Glider training for Royal Air Force cadets was undertaken at the site during 1939, with No. 28 Glider School using the site sporadically up until their disbandment in 1950. The airstrip was not used for any flying purposes during the Second World War, but may have been left as a decoy airfield to attract enemy bombers (though certain groups such as English Heritage state there is no evidence of this). Another decoy airfield was sited on the racecourse on the opposite side of the A170, 2 km north of the airfield. This was furnished with replica Whitley bombers and became a relief landing ground for RAF Dishforth. At least one Royal Air Force aircraft is recorded to have landed at Sutton Bank when all other airstrips in the Vale of York were fogbound. As the site was familiar to many German glider pilots, defensive ditches were dug out of the airfield by the British Army during the 1940s, as it was perceived as a Nazi invasion site. The Germans were world leaders in the sport of gliding and many had travelled to Britain to train British pilots during the 1930s. One had even spent two years at Sutton Bank in the late 1930s training other glider pilots. As the German use of parachutists and gliders was seen to good effect when they invaded the Low Countries, Sutton Bank was perceived as a risk and so plans were made to fortify the area and cover over the White Horse to prevent identifying the location from the air. The digging damaged the Iron Age fortifications.

In 1959, the circular clubhouse was built; this is still used today as the YGCs cafe and main meeting point; due to its circular nature, it offers panoramic views across the surrounding countryside. A new hangar was built in 2014 to accommodate the increase in members and storage of aircraft.

The grassed strip is also available for powered aircraft such as small propeller driven planes which tow the gliders into the air, and other types such as gyrocopters. The YGC is open seven days a week and deploys aircraft each day weather permitting, but they also have an on-site simulator, which can be used in the event of a non-flying day. The simulator cost £17,000 and was installed in 2008. Since 2011, the YGC and the training element from RAF Linton-on-Ouse have had cross-training days to make the two entities aware of each other in the sky.
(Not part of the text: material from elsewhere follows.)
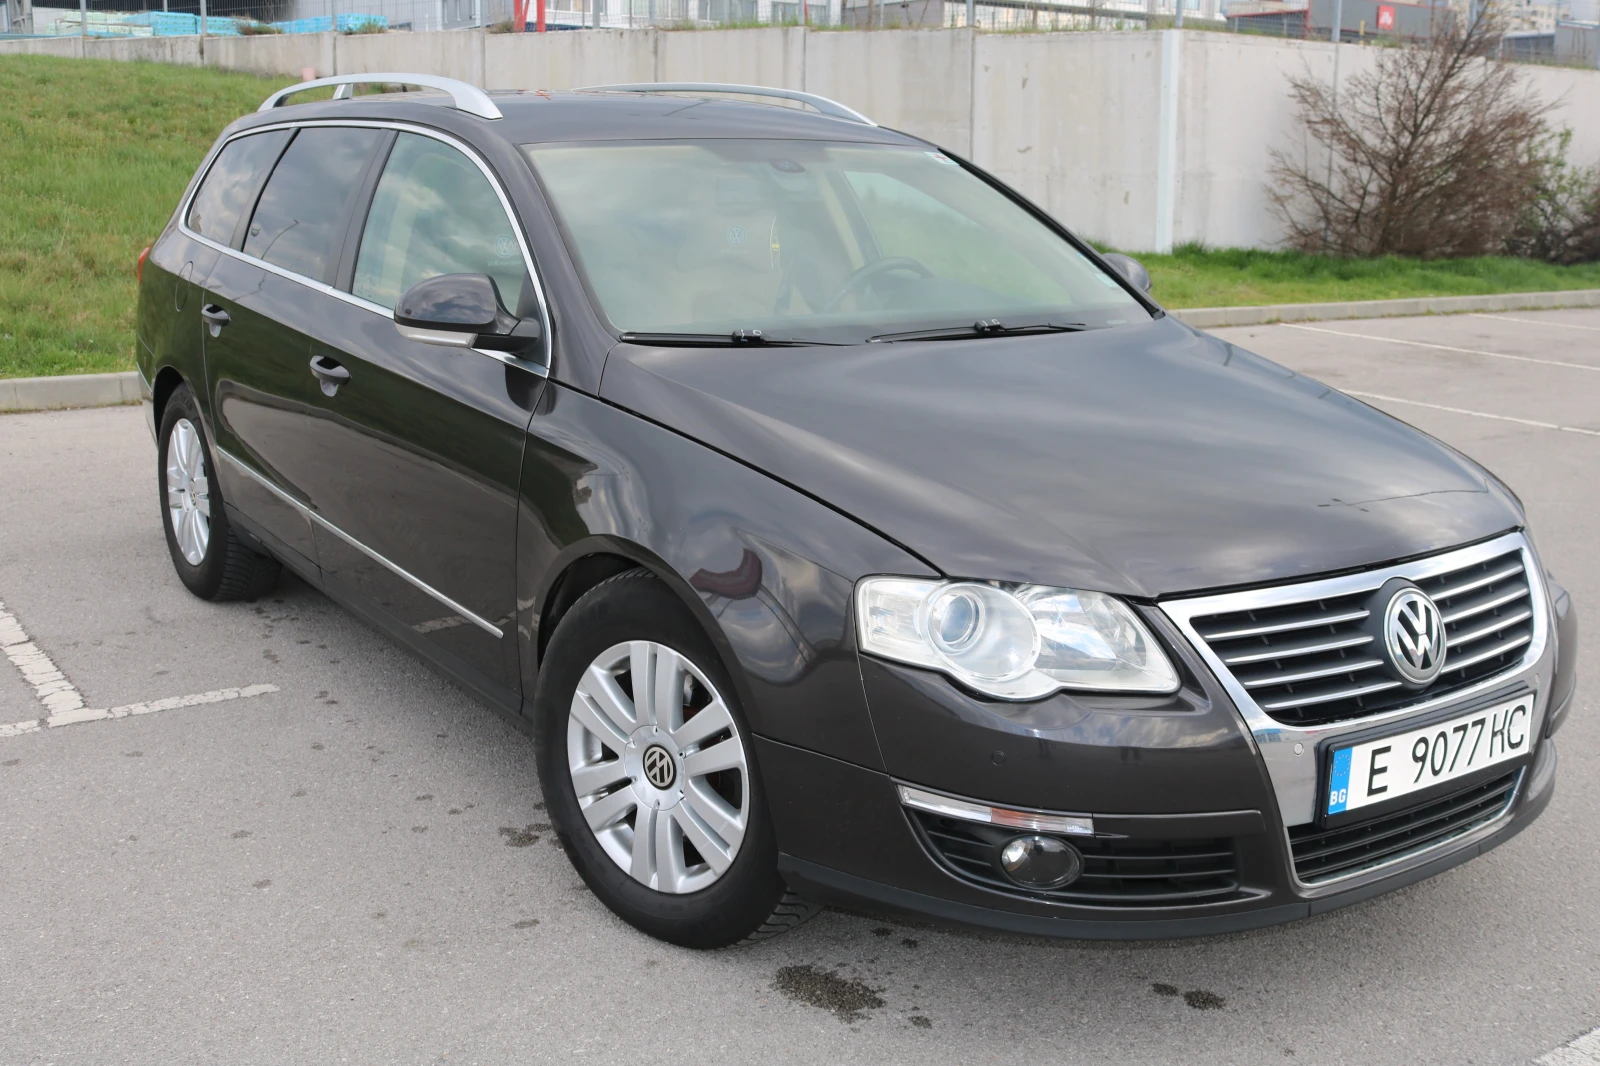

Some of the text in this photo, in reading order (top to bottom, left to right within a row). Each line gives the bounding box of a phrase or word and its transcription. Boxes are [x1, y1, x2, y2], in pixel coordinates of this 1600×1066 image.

[1385, 587, 1446, 683] VW
[1330, 788, 1347, 805] BG
[1366, 704, 1526, 797] E 9077 HC
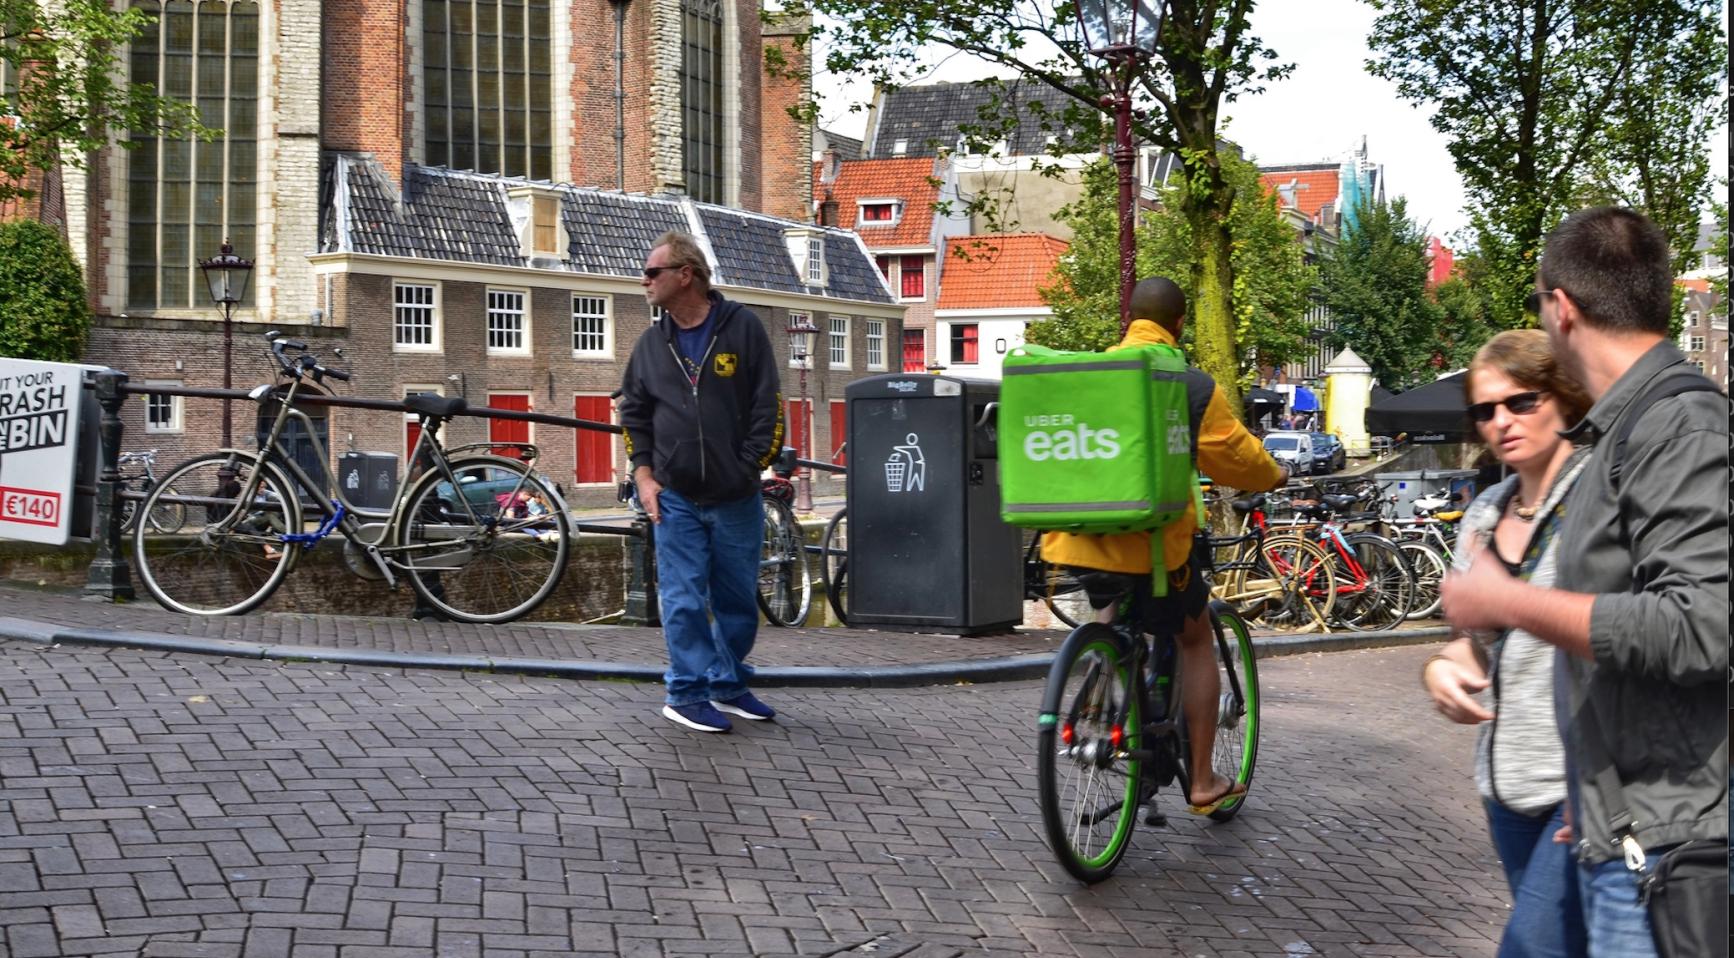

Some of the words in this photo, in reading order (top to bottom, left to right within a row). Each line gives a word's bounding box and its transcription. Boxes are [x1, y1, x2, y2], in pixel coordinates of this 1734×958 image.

As both the YGC and the RAF pilots under training use the crowded airspace of the Vale of York, a programme was developed where all pilots going through Basic Flying Training (BFT) with the RAF are given hands-on experience with gliders.
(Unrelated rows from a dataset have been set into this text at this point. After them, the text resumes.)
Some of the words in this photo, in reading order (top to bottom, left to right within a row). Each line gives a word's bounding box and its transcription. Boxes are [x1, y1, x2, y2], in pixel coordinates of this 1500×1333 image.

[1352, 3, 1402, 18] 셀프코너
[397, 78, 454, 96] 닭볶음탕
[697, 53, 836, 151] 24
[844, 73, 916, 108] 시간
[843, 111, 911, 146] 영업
In September 2021, the YGC had 13 aircraft registered on the UK Register of Civil Aircraft and in 2013 had a complement of just under 200 members; it is often described as being the most popular gliding club in the north of England. The site has two grassed runways which are 1,000 m and 500 m in length, with the footprint of the site covering over 100 acre. The longer airstrip was created in 1955 with the cooperation of the Forestry Commission, and was extended further in mid-1960s with a second aircraft hangar being constructed in late 1969.

The Cleveland Way walk traverses the extreme western end of the site where it drops away to the cliffs below. The Yorkshire Gliding Club cafe is open to non-flying personnel and walkers are welcome to sample what is on offer. Gliding courses are also available to non-members.

==Incidents==
The safety record at YGC (and of the wider UK gliding fraternity) is good. Across all of the gliding clubs in the United Kingdom between 1972 and 1995, they were 76 fatalities in comparison to over 8 million glider launches across the UK. All of these fatalities were glider pilots (or passengers) and no deaths occurred to people on the ground. The British Gliding Association points out that
Gliding is an adventurous air sport and as such is not as safe as travelling on a commercial airliner. If you are looking for a totally risk free sport, gliding may not be right for you. The BGA gives priority to continuing to reduce the fatal accident rate and to not harming any third parties. In the latest 10 year period [2007–2016], the trainee glider pilot serious injury rate was 0.4 per 100,000 flights with zero fatalities. For all glider pilots in the same period, the serious injury rate was 1.9 per 100,000 flights with a fatal injury rate of 0.7 per 100,000 flights.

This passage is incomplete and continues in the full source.